> **TRY IT**: Word for word, repeat the records, leaving every picture behind.
═══ SUPPLIED RECORDS
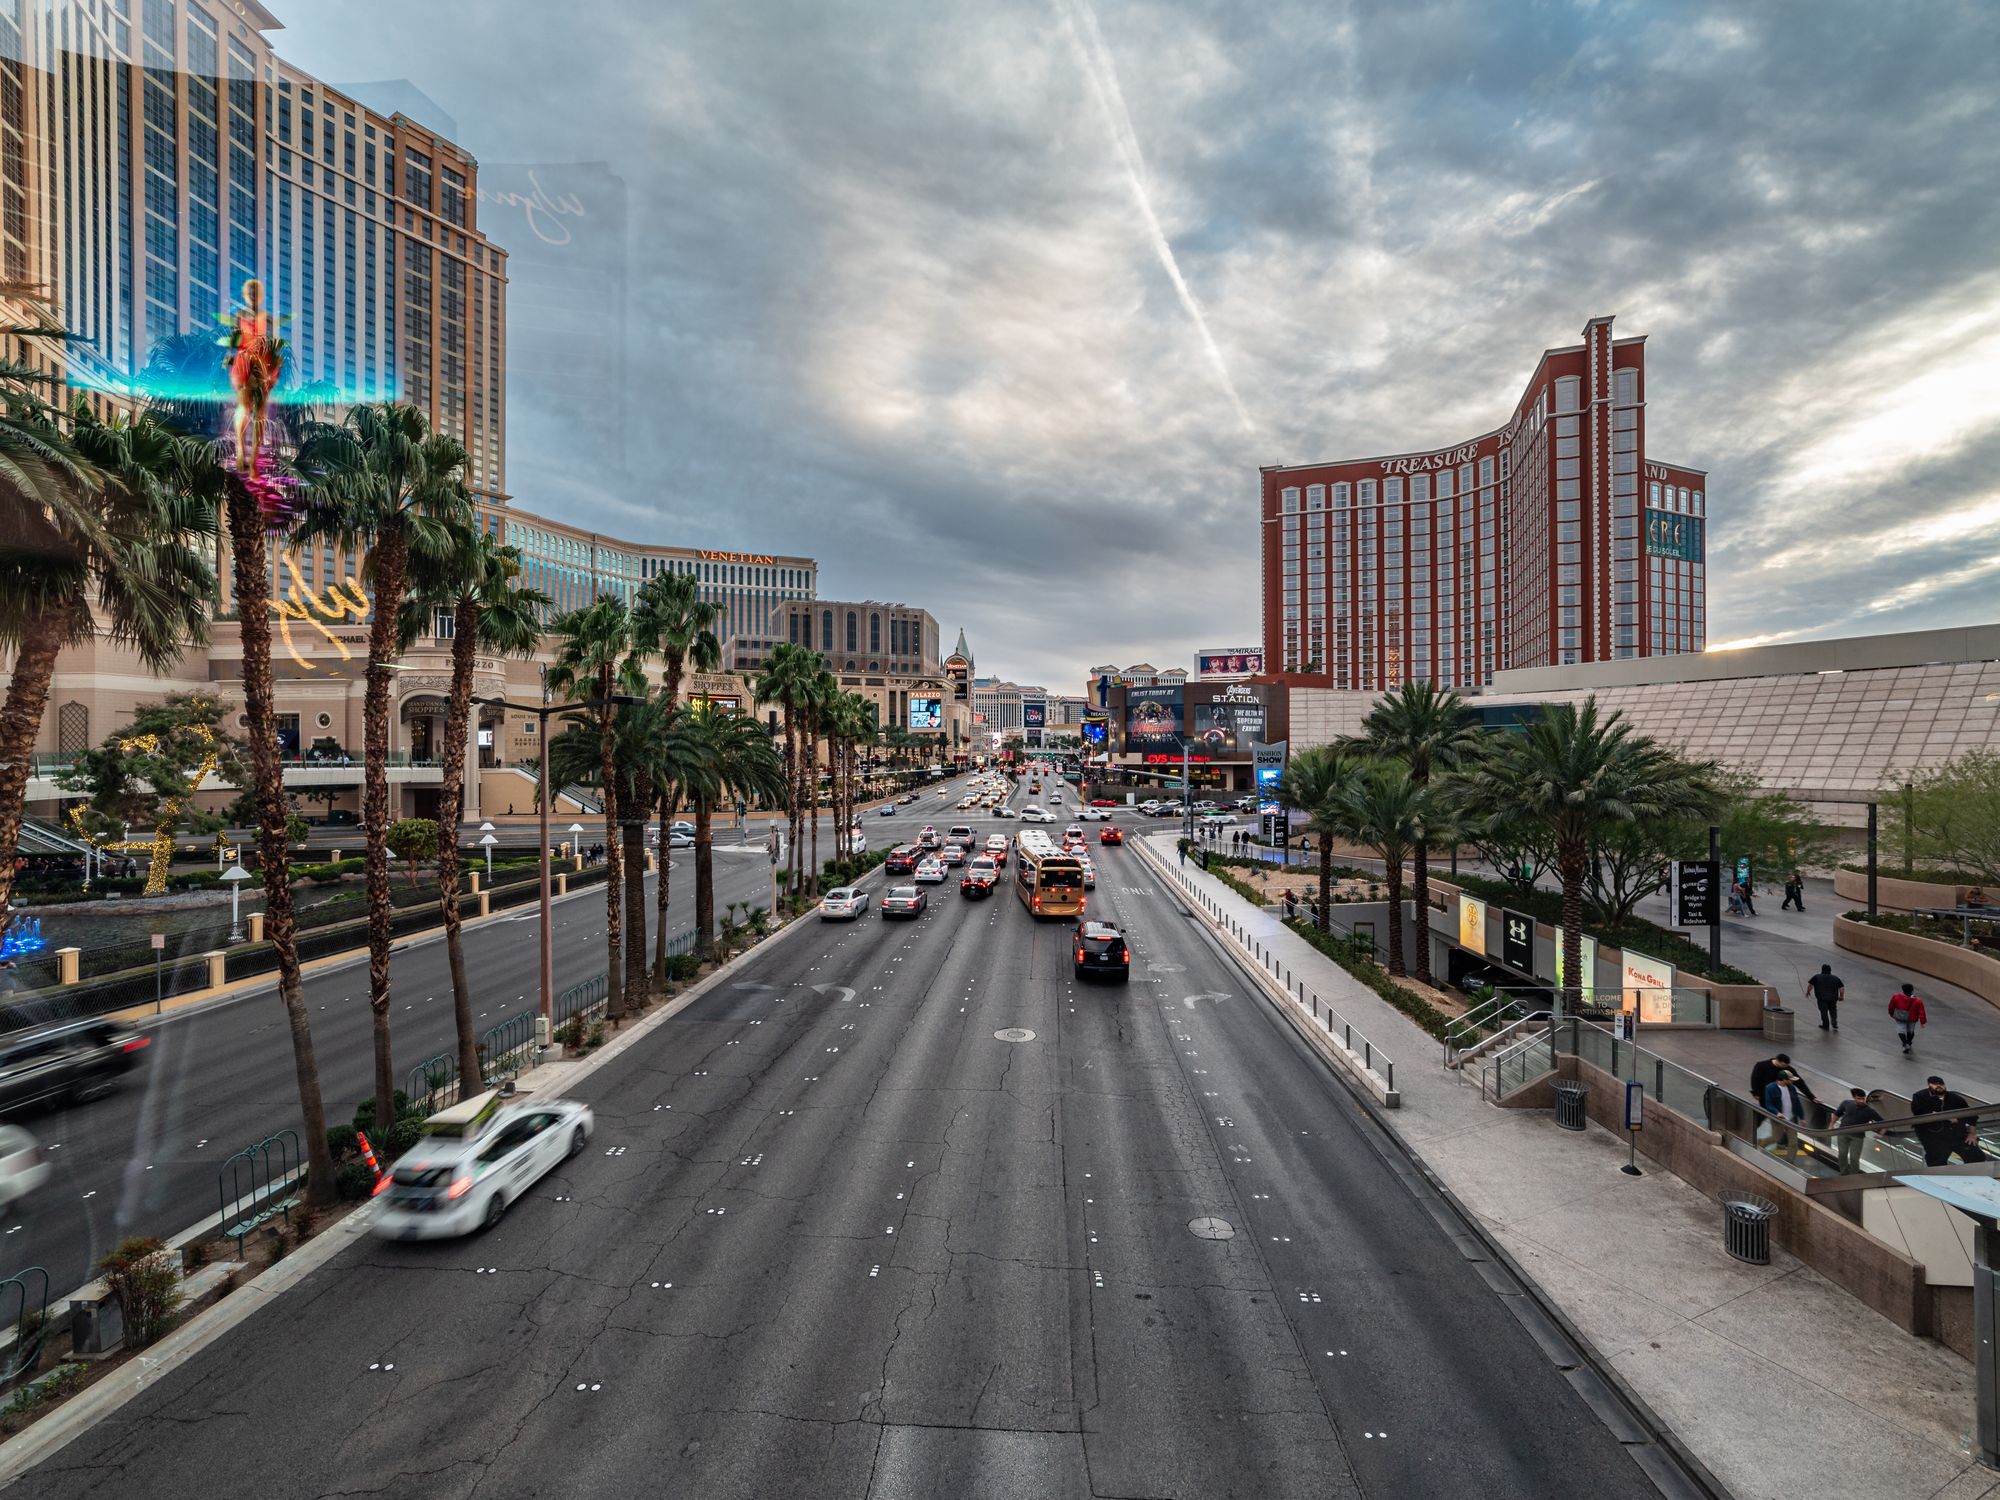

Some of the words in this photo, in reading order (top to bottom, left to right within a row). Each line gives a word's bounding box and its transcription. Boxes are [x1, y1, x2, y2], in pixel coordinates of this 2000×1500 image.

[1381, 443, 1478, 475] TREASURE
[700, 549, 774, 565] VENETIAN
[694, 680, 734, 691] SHOPPES
[1147, 754, 1168, 764] CVS
[1121, 887, 1154, 896] ONLY
[1684, 894, 1700, 902] Bridge
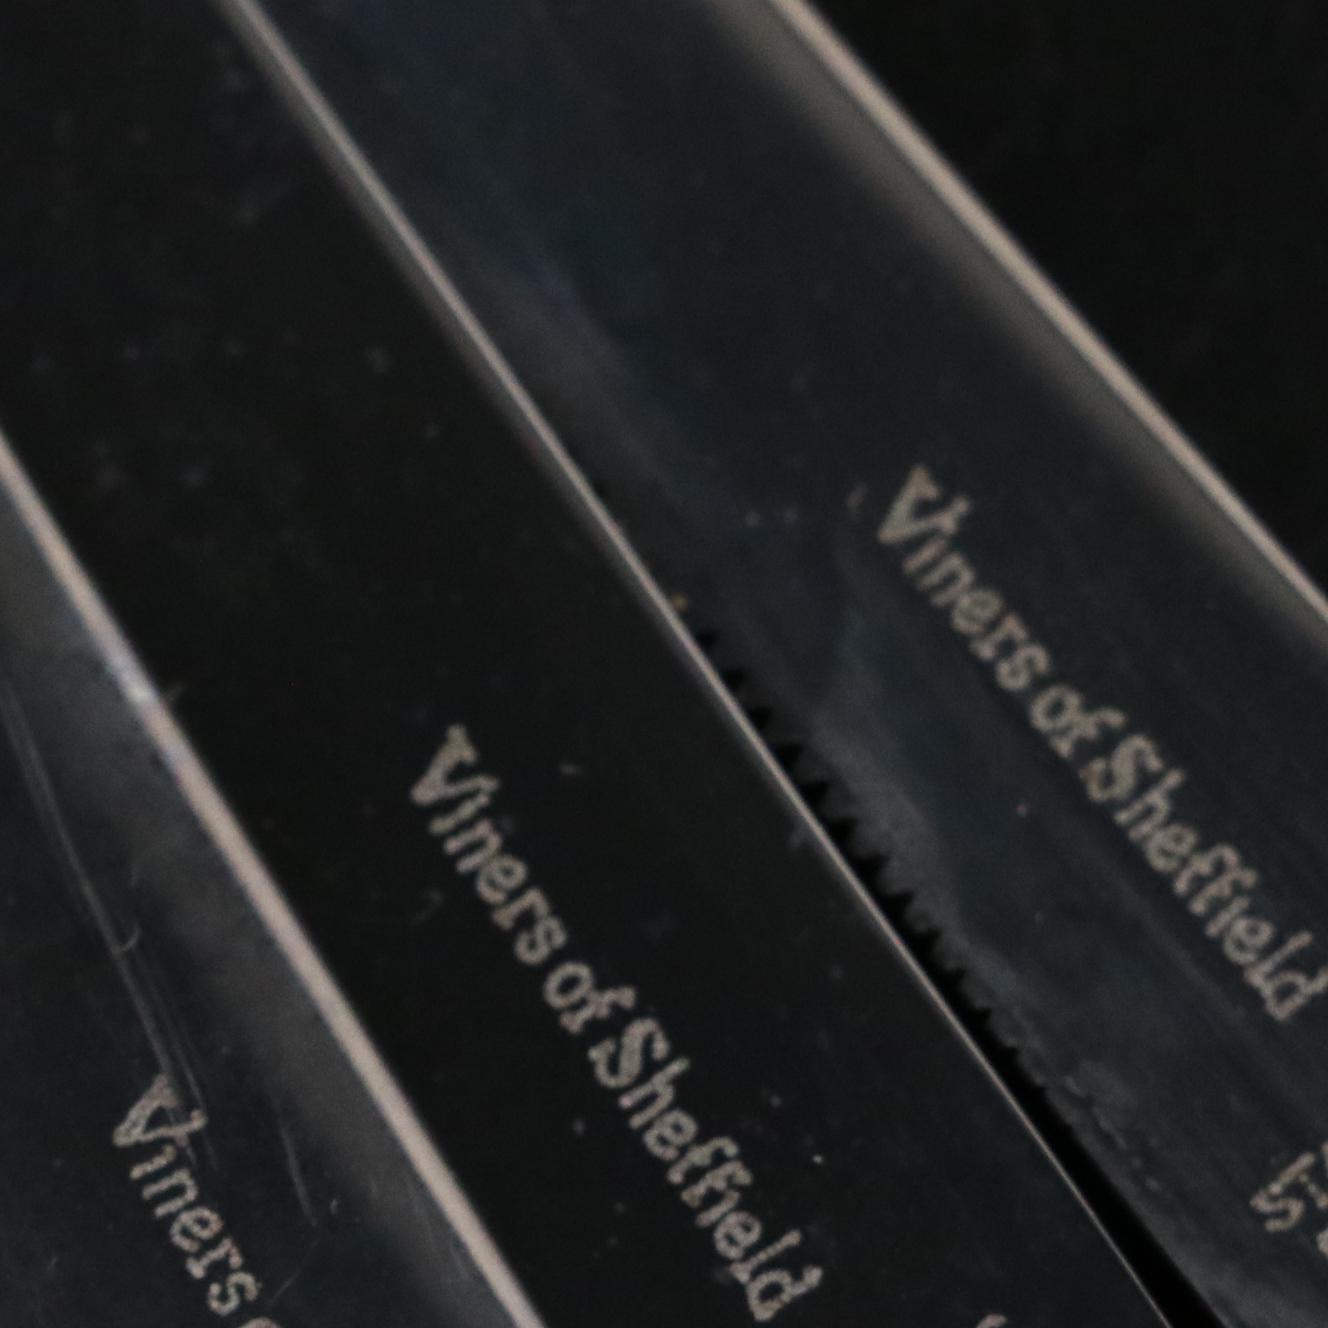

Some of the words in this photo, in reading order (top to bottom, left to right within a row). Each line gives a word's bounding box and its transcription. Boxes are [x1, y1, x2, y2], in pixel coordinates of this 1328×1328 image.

[410, 724, 568, 965] Viners
[877, 465, 1050, 691] Viners
[1030, 681, 1127, 759] of
[1081, 733, 1328, 1022] Sheffield
[543, 962, 638, 1035] of
[112, 1073, 259, 1316] Viners
[589, 1018, 823, 1322] Sheffield
══════
> **ANSWER FOR THIS EXERCISE**:
Some of the words in this photo, in reading order (top to bottom, left to right within a row). Each line gives a word's bounding box and its transcription. Boxes are [x1, y1, x2, y2], in pixel coordinates of this 2000×1500 image.

[1381, 443, 1478, 475] TREASURE
[700, 549, 774, 565] VENETIAN
[694, 680, 734, 691] SHOPPES
[1147, 754, 1168, 764] CVS
[1121, 887, 1154, 896] ONLY
[1684, 894, 1700, 902] Bridge

Some of the words in this photo, in reading order (top to bottom, left to right within a row). Each line gives a word's bounding box and its transcription. Boxes are [x1, y1, x2, y2], in pixel coordinates of this 1328×1328 image.

[410, 724, 568, 965] Viners
[877, 465, 1050, 691] Viners
[1030, 681, 1127, 759] of
[1081, 733, 1328, 1022] Sheffield
[543, 962, 638, 1035] of
[112, 1073, 259, 1316] Viners
[589, 1018, 823, 1322] Sheffield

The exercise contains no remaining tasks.